EXERCISE:
Write out each record below exactly as it appears, with no pictures.

RECORDS:
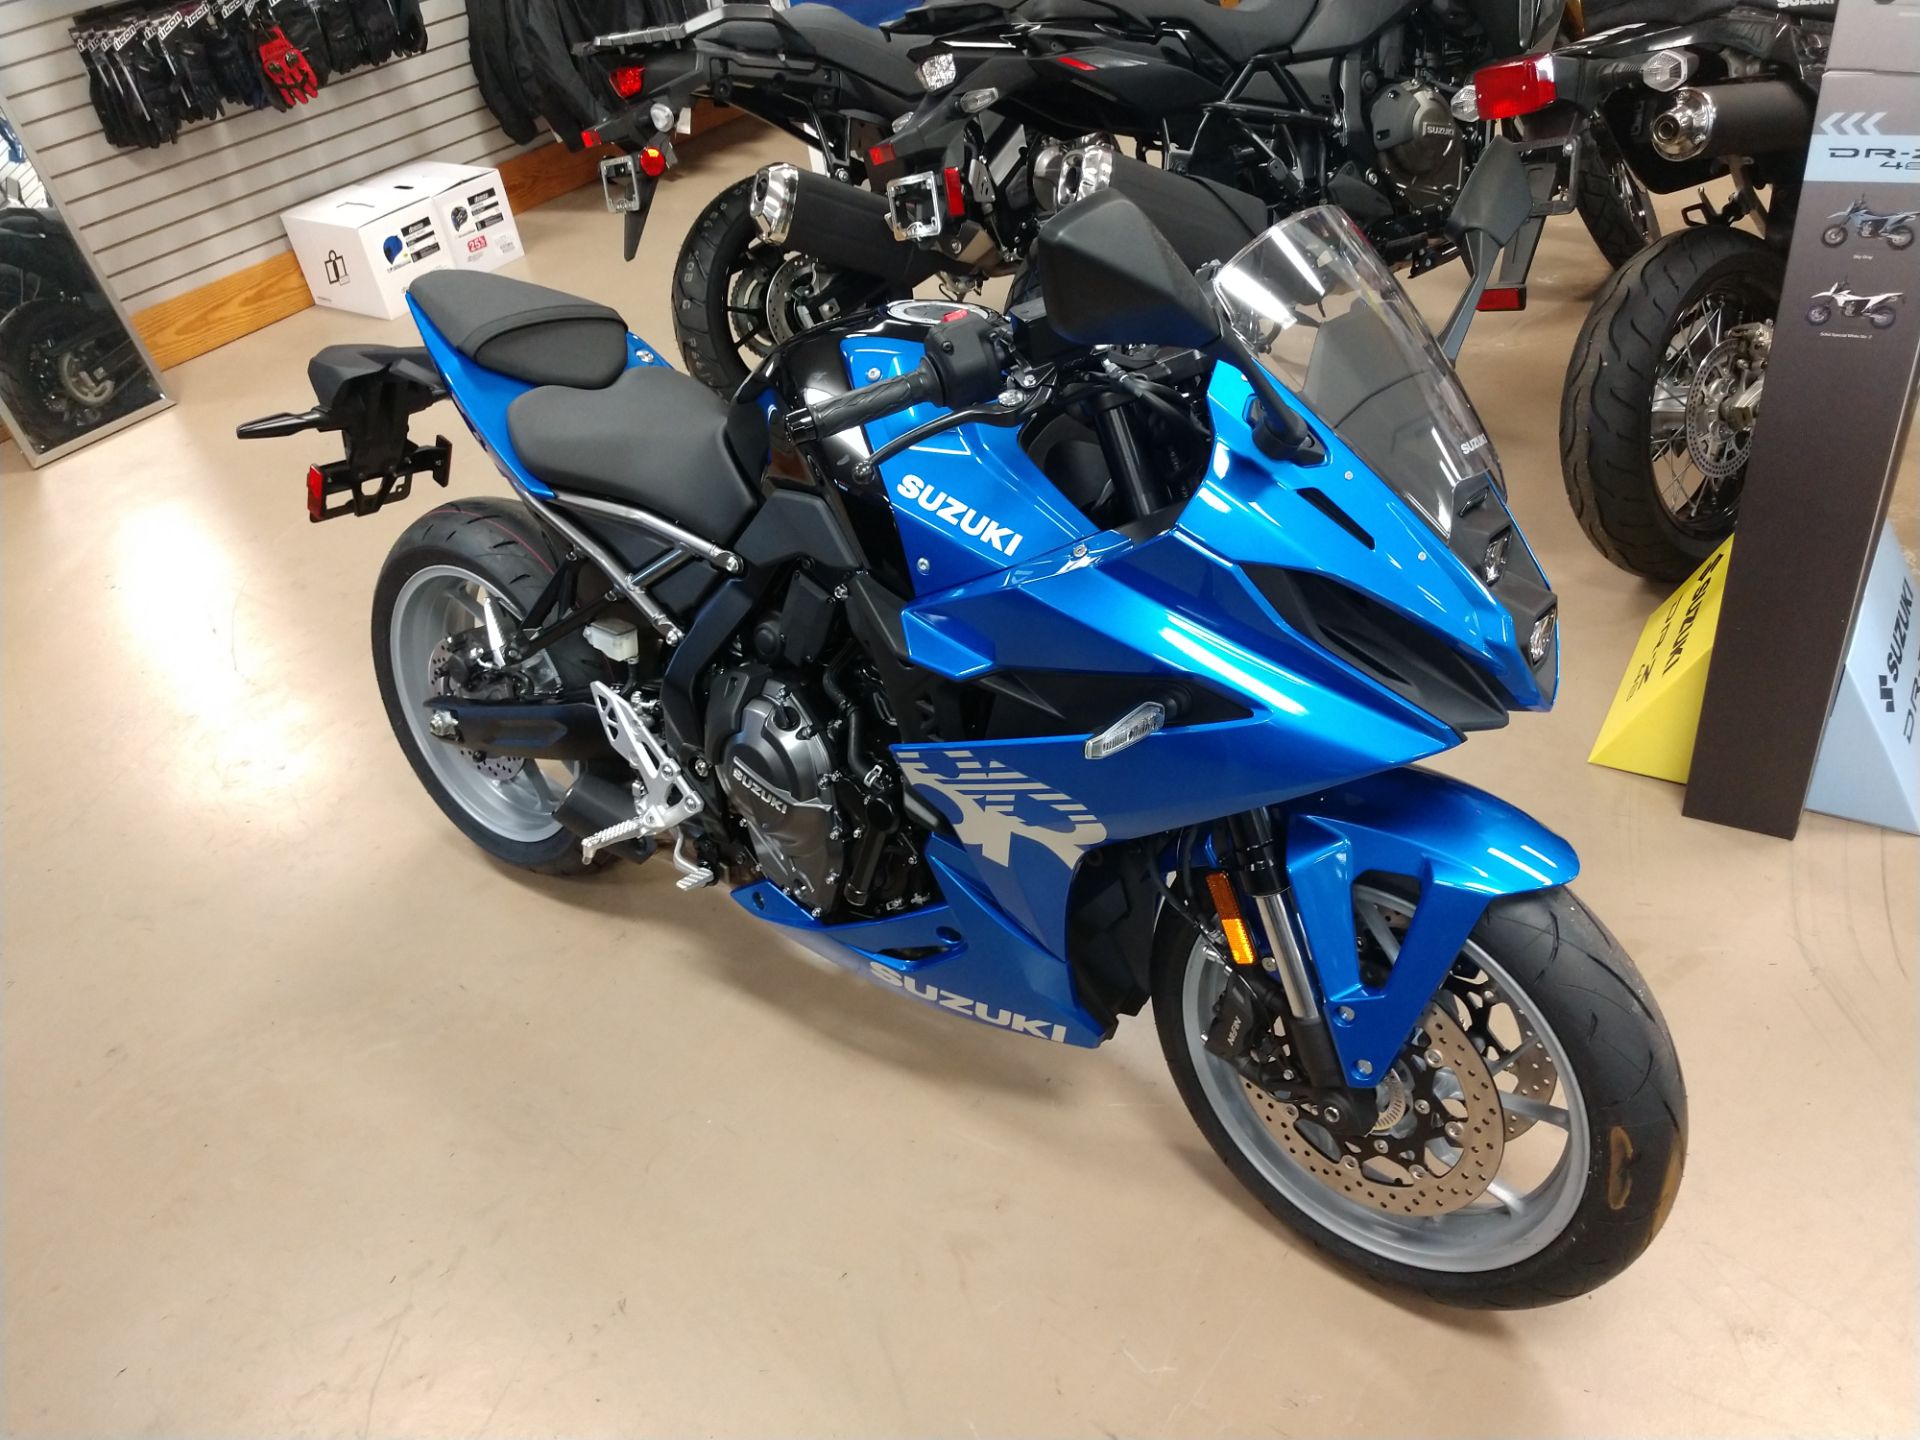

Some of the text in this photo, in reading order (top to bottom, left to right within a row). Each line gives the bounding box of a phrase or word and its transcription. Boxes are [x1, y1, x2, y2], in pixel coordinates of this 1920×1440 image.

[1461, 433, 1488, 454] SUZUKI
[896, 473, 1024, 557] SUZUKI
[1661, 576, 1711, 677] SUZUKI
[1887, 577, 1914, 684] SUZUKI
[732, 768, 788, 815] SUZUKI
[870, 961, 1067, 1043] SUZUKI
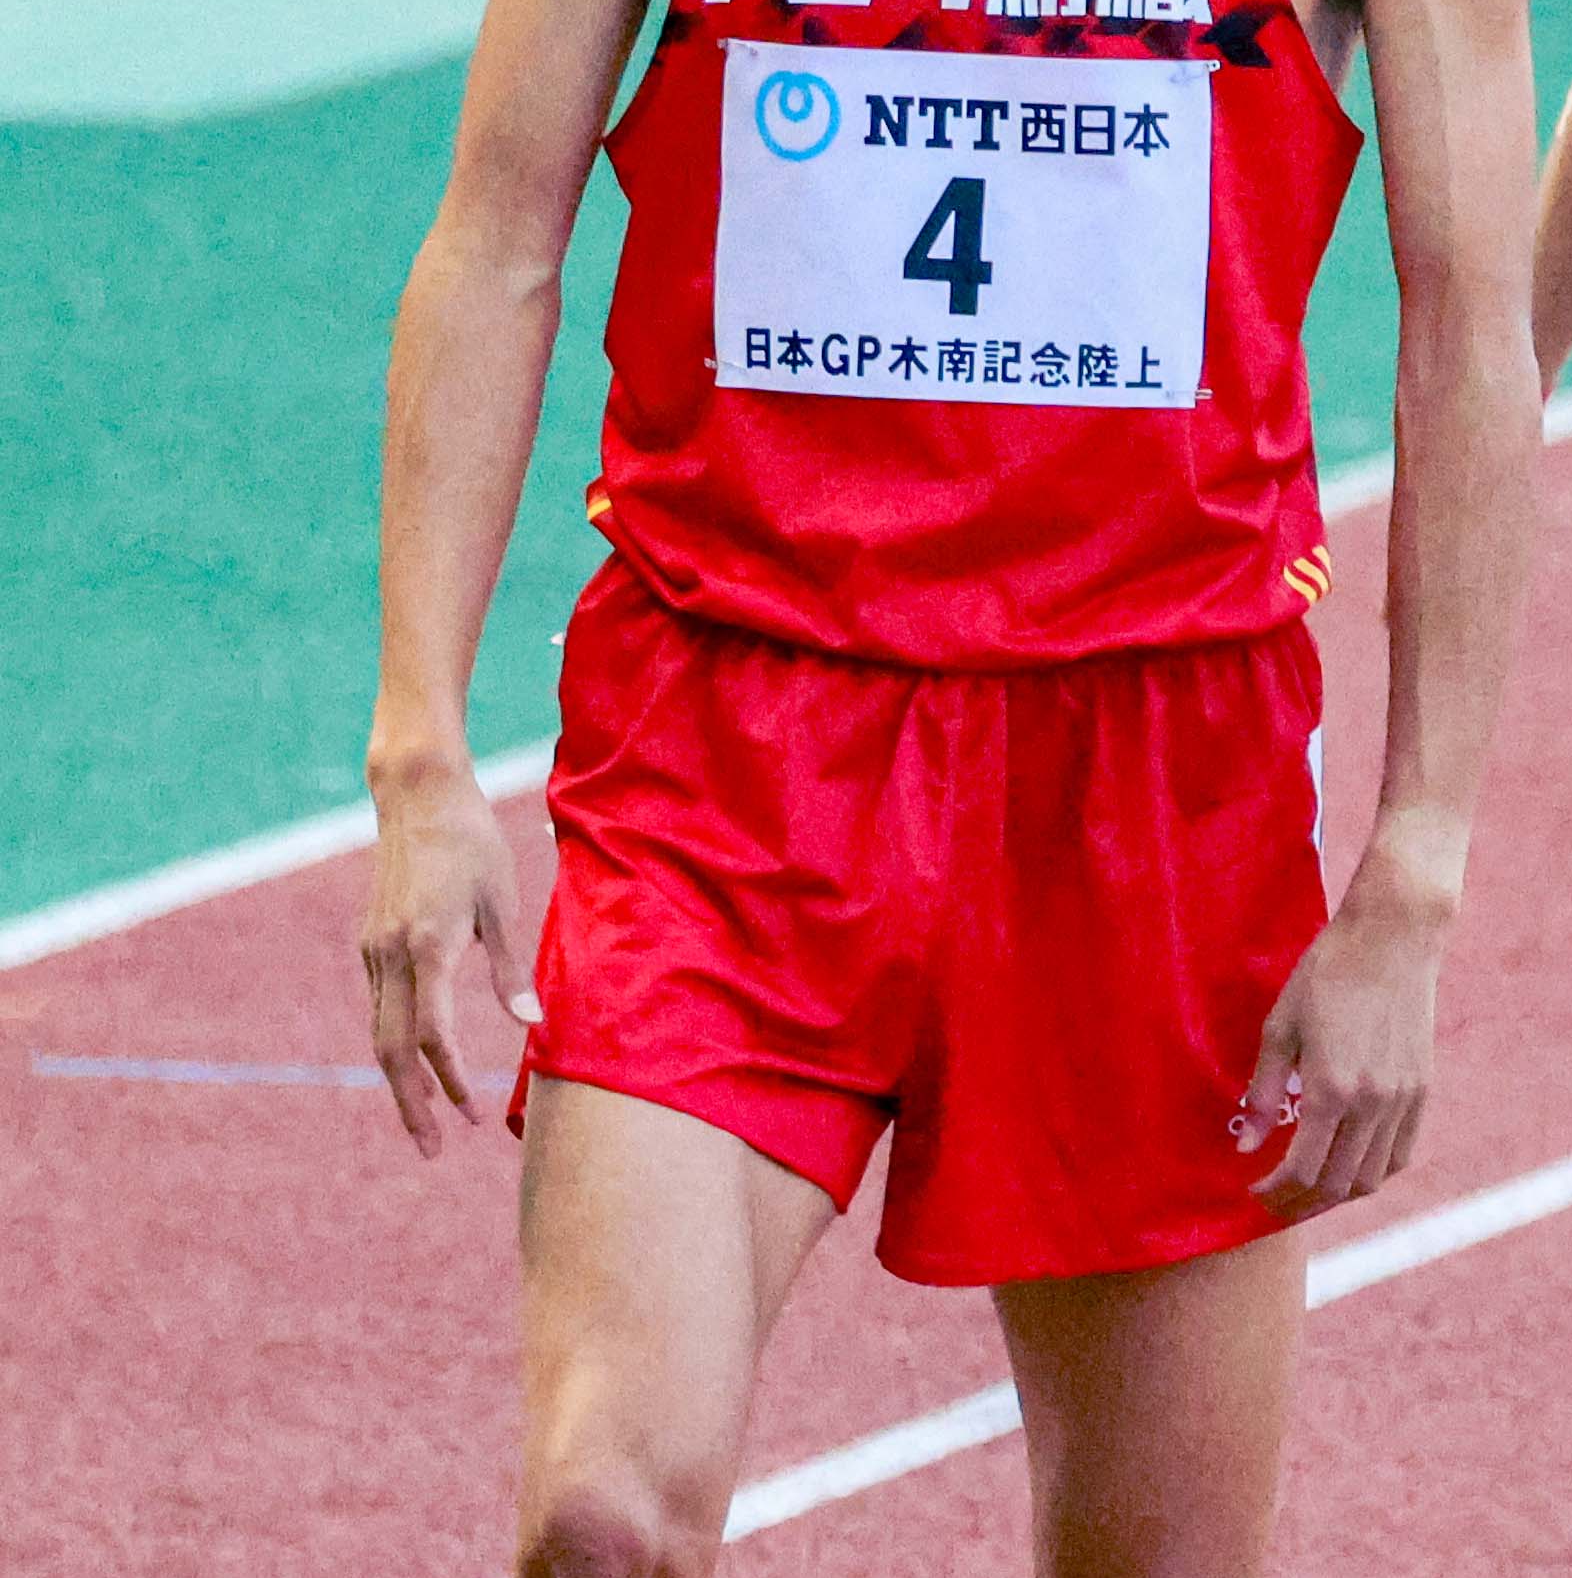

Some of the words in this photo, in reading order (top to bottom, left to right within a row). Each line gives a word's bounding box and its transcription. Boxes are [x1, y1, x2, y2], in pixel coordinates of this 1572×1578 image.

YOUR SOLUTION:
Some of the text in this photo, in reading order (top to bottom, left to right within a row). Each line gives the bounding box of a phrase or word and its transcription. Boxes are [x1, y1, x2, y2], in pixel coordinates of this 1920×1440 image.

[1461, 433, 1488, 454] SUZUKI
[896, 473, 1024, 557] SUZUKI
[1661, 576, 1711, 677] SUZUKI
[1887, 577, 1914, 684] SUZUKI
[732, 768, 788, 815] SUZUKI
[870, 961, 1067, 1043] SUZUKI

Some of the words in this photo, in reading order (top to bottom, left to right within a row). Each line gives a word's bounding box and its transcription. Boxes are [x1, y1, x2, y2], in pixel coordinates of this 1572×1578 image.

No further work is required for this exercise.